- [Supplied data]

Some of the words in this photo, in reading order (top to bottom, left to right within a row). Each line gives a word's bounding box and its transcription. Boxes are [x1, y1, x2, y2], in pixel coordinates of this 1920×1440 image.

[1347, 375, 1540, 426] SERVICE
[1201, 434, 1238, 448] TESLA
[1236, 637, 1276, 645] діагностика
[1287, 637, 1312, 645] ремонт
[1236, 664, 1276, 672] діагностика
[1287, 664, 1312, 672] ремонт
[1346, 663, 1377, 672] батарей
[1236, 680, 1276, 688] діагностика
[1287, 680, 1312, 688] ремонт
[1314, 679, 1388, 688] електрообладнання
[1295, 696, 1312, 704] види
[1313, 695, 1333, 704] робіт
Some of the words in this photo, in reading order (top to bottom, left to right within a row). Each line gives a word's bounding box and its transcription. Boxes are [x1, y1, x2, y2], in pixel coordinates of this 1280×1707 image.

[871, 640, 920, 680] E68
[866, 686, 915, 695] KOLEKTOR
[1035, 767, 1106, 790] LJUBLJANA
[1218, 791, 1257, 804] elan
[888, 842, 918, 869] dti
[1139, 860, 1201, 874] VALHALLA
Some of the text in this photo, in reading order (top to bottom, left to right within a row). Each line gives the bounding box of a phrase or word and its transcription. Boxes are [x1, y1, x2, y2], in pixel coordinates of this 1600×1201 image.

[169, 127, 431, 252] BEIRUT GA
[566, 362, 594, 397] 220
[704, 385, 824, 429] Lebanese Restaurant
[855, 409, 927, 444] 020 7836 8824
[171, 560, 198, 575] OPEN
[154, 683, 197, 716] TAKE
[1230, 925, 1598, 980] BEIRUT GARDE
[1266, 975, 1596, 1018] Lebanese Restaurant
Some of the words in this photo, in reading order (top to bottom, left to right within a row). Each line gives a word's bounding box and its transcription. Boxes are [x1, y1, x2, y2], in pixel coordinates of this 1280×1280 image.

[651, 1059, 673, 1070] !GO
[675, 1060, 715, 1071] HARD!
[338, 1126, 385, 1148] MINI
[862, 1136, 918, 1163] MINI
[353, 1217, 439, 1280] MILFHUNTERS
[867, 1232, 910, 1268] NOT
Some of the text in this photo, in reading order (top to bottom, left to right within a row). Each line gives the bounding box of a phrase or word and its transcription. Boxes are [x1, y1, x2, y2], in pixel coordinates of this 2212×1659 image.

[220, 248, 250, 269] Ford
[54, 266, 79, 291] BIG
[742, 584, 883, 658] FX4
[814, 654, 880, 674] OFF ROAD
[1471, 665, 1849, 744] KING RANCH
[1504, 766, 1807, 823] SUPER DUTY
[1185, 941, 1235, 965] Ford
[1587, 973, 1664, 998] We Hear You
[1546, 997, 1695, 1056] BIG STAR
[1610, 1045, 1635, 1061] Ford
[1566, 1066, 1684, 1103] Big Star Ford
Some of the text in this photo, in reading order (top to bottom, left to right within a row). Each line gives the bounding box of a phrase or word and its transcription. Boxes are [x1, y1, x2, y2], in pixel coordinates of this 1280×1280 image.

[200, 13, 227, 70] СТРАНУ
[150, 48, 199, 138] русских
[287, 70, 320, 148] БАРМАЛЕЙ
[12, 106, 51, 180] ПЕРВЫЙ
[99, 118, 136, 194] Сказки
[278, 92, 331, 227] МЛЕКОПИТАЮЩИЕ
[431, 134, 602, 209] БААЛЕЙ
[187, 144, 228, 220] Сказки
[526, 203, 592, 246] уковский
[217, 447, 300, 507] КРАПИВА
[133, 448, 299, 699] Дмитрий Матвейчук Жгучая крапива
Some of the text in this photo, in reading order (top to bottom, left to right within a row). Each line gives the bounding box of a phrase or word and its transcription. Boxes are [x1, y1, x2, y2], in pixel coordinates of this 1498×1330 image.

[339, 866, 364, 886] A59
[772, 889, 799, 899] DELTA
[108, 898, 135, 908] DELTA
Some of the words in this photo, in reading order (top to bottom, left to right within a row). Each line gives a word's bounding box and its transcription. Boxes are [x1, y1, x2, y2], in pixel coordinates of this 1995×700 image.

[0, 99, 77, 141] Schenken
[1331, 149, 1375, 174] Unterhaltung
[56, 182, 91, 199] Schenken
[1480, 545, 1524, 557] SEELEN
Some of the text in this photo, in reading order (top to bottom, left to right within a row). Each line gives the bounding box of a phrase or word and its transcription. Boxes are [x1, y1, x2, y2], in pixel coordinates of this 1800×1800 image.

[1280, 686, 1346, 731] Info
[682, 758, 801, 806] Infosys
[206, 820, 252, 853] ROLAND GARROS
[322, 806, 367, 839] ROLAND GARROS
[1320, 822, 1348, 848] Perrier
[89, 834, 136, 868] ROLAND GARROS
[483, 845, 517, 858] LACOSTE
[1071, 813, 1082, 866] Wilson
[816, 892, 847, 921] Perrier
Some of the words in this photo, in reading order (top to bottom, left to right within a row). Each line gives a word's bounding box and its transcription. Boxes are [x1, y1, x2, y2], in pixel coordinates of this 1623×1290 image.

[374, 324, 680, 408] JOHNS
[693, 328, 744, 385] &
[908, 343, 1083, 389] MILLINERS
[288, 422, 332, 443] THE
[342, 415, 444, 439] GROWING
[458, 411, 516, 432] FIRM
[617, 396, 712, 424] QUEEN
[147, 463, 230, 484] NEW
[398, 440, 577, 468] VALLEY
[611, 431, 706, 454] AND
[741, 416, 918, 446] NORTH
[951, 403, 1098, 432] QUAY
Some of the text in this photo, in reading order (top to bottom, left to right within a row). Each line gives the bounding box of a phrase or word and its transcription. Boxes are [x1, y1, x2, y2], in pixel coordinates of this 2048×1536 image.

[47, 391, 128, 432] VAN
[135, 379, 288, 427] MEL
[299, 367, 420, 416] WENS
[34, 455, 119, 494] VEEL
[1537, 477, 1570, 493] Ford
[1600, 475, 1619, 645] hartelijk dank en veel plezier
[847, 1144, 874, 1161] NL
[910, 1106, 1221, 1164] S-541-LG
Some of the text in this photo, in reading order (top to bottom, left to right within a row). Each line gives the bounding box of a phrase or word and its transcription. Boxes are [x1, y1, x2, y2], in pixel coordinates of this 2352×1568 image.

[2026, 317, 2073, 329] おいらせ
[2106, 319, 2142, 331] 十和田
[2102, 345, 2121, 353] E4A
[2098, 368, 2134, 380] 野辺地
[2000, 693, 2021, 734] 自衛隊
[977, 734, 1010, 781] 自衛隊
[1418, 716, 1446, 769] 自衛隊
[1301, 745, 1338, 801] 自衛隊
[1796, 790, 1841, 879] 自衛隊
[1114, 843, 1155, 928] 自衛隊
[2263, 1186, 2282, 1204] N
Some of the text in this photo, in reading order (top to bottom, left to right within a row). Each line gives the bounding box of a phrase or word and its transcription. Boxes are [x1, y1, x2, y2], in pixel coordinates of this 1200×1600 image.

- [Task instructions]
Go through the records and repeat each one exactly as written.

- [Result of this exercise]
Some of the words in this photo, in reading order (top to bottom, left to right within a row). Each line gives a word's bounding box and its transcription. Boxes are [x1, y1, x2, y2], in pixel coordinates of this 1920×1440 image.

[1347, 375, 1540, 426] SERVICE
[1201, 434, 1238, 448] TESLA
[1236, 637, 1276, 645] діагностика
[1287, 637, 1312, 645] ремонт
[1236, 664, 1276, 672] діагностика
[1287, 664, 1312, 672] ремонт
[1346, 663, 1377, 672] батарей
[1236, 680, 1276, 688] діагностика
[1287, 680, 1312, 688] ремонт
[1314, 679, 1388, 688] електрообладнання
[1295, 696, 1312, 704] види
[1313, 695, 1333, 704] робіт
Some of the words in this photo, in reading order (top to bottom, left to right within a row). Each line gives a word's bounding box and its transcription. Boxes are [x1, y1, x2, y2], in pixel coordinates of this 1280×1707 image.

[871, 640, 920, 680] E68
[866, 686, 915, 695] KOLEKTOR
[1035, 767, 1106, 790] LJUBLJANA
[1218, 791, 1257, 804] elan
[888, 842, 918, 869] dti
[1139, 860, 1201, 874] VALHALLA
Some of the text in this photo, in reading order (top to bottom, left to right within a row). Each line gives the bounding box of a phrase or word and its transcription. Boxes are [x1, y1, x2, y2], in pixel coordinates of this 1600×1201 image.

[169, 127, 431, 252] BEIRUT GA
[566, 362, 594, 397] 220
[704, 385, 824, 429] Lebanese Restaurant
[855, 409, 927, 444] 020 7836 8824
[171, 560, 198, 575] OPEN
[154, 683, 197, 716] TAKE
[1230, 925, 1598, 980] BEIRUT GARDE
[1266, 975, 1596, 1018] Lebanese Restaurant
Some of the words in this photo, in reading order (top to bottom, left to right within a row). Each line gives a word's bounding box and its transcription. Boxes are [x1, y1, x2, y2], in pixel coordinates of this 1280×1280 image.

[651, 1059, 673, 1070] !GO
[675, 1060, 715, 1071] HARD!
[338, 1126, 385, 1148] MINI
[862, 1136, 918, 1163] MINI
[353, 1217, 439, 1280] MILFHUNTERS
[867, 1232, 910, 1268] NOT
Some of the text in this photo, in reading order (top to bottom, left to right within a row). Each line gives the bounding box of a phrase or word and its transcription. Boxes are [x1, y1, x2, y2], in pixel coordinates of this 2212×1659 image.

[220, 248, 250, 269] Ford
[54, 266, 79, 291] BIG
[742, 584, 883, 658] FX4
[814, 654, 880, 674] OFF ROAD
[1471, 665, 1849, 744] KING RANCH
[1504, 766, 1807, 823] SUPER DUTY
[1185, 941, 1235, 965] Ford
[1587, 973, 1664, 998] We Hear You
[1546, 997, 1695, 1056] BIG STAR
[1610, 1045, 1635, 1061] Ford
[1566, 1066, 1684, 1103] Big Star Ford
Some of the text in this photo, in reading order (top to bottom, left to right within a row). Each line gives the bounding box of a phrase or word and its transcription. Boxes are [x1, y1, x2, y2], in pixel coordinates of this 1280×1280 image.

[200, 13, 227, 70] СТРАНУ
[150, 48, 199, 138] русских
[287, 70, 320, 148] БАРМАЛЕЙ
[12, 106, 51, 180] ПЕРВЫЙ
[99, 118, 136, 194] Сказки
[278, 92, 331, 227] МЛЕКОПИТАЮЩИЕ
[431, 134, 602, 209] БААЛЕЙ
[187, 144, 228, 220] Сказки
[526, 203, 592, 246] уковский
[217, 447, 300, 507] КРАПИВА
[133, 448, 299, 699] Дмитрий Матвейчук Жгучая крапива
Some of the text in this photo, in reading order (top to bottom, left to right within a row). Each line gives the bounding box of a phrase or word and its transcription. Boxes are [x1, y1, x2, y2], in pixel coordinates of this 1498×1330 image.

[339, 866, 364, 886] A59
[772, 889, 799, 899] DELTA
[108, 898, 135, 908] DELTA
Some of the words in this photo, in reading order (top to bottom, left to right within a row). Each line gives a word's bounding box and its transcription. Boxes are [x1, y1, x2, y2], in pixel coordinates of this 1995×700 image.

[0, 99, 77, 141] Schenken
[1331, 149, 1375, 174] Unterhaltung
[56, 182, 91, 199] Schenken
[1480, 545, 1524, 557] SEELEN
Some of the text in this photo, in reading order (top to bottom, left to right within a row). Each line gives the bounding box of a phrase or word and its transcription. Boxes are [x1, y1, x2, y2], in pixel coordinates of this 1800×1800 image.

[1280, 686, 1346, 731] Info
[682, 758, 801, 806] Infosys
[206, 820, 252, 853] ROLAND GARROS
[322, 806, 367, 839] ROLAND GARROS
[1320, 822, 1348, 848] Perrier
[89, 834, 136, 868] ROLAND GARROS
[483, 845, 517, 858] LACOSTE
[1071, 813, 1082, 866] Wilson
[816, 892, 847, 921] Perrier
Some of the words in this photo, in reading order (top to bottom, left to right within a row). Each line gives a word's bounding box and its transcription. Boxes are [x1, y1, x2, y2], in pixel coordinates of this 1623×1290 image.

[374, 324, 680, 408] JOHNS
[693, 328, 744, 385] &
[908, 343, 1083, 389] MILLINERS
[288, 422, 332, 443] THE
[342, 415, 444, 439] GROWING
[458, 411, 516, 432] FIRM
[617, 396, 712, 424] QUEEN
[147, 463, 230, 484] NEW
[398, 440, 577, 468] VALLEY
[611, 431, 706, 454] AND
[741, 416, 918, 446] NORTH
[951, 403, 1098, 432] QUAY
Some of the text in this photo, in reading order (top to bottom, left to right within a row). Each line gives the bounding box of a phrase or word and its transcription. Boxes are [x1, y1, x2, y2], in pixel coordinates of this 2048×1536 image.

[47, 391, 128, 432] VAN
[135, 379, 288, 427] MEL
[299, 367, 420, 416] WENS
[34, 455, 119, 494] VEEL
[1537, 477, 1570, 493] Ford
[1600, 475, 1619, 645] hartelijk dank en veel plezier
[847, 1144, 874, 1161] NL
[910, 1106, 1221, 1164] S-541-LG
Some of the text in this photo, in reading order (top to bottom, left to right within a row). Each line gives the bounding box of a phrase or word and its transcription. Boxes are [x1, y1, x2, y2], in pixel coordinates of this 2352×1568 image.

[2026, 317, 2073, 329] おいらせ
[2106, 319, 2142, 331] 十和田
[2102, 345, 2121, 353] E4A
[2098, 368, 2134, 380] 野辺地
[2000, 693, 2021, 734] 自衛隊
[977, 734, 1010, 781] 自衛隊
[1418, 716, 1446, 769] 自衛隊
[1301, 745, 1338, 801] 自衛隊
[1796, 790, 1841, 879] 自衛隊
[1114, 843, 1155, 928] 自衛隊
[2263, 1186, 2282, 1204] N
Some of the text in this photo, in reading order (top to bottom, left to right within a row). Each line gives the bounding box of a phrase or word and its transcription. Boxes are [x1, y1, x2, y2], in pixel coordinates of this 1200×1600 image.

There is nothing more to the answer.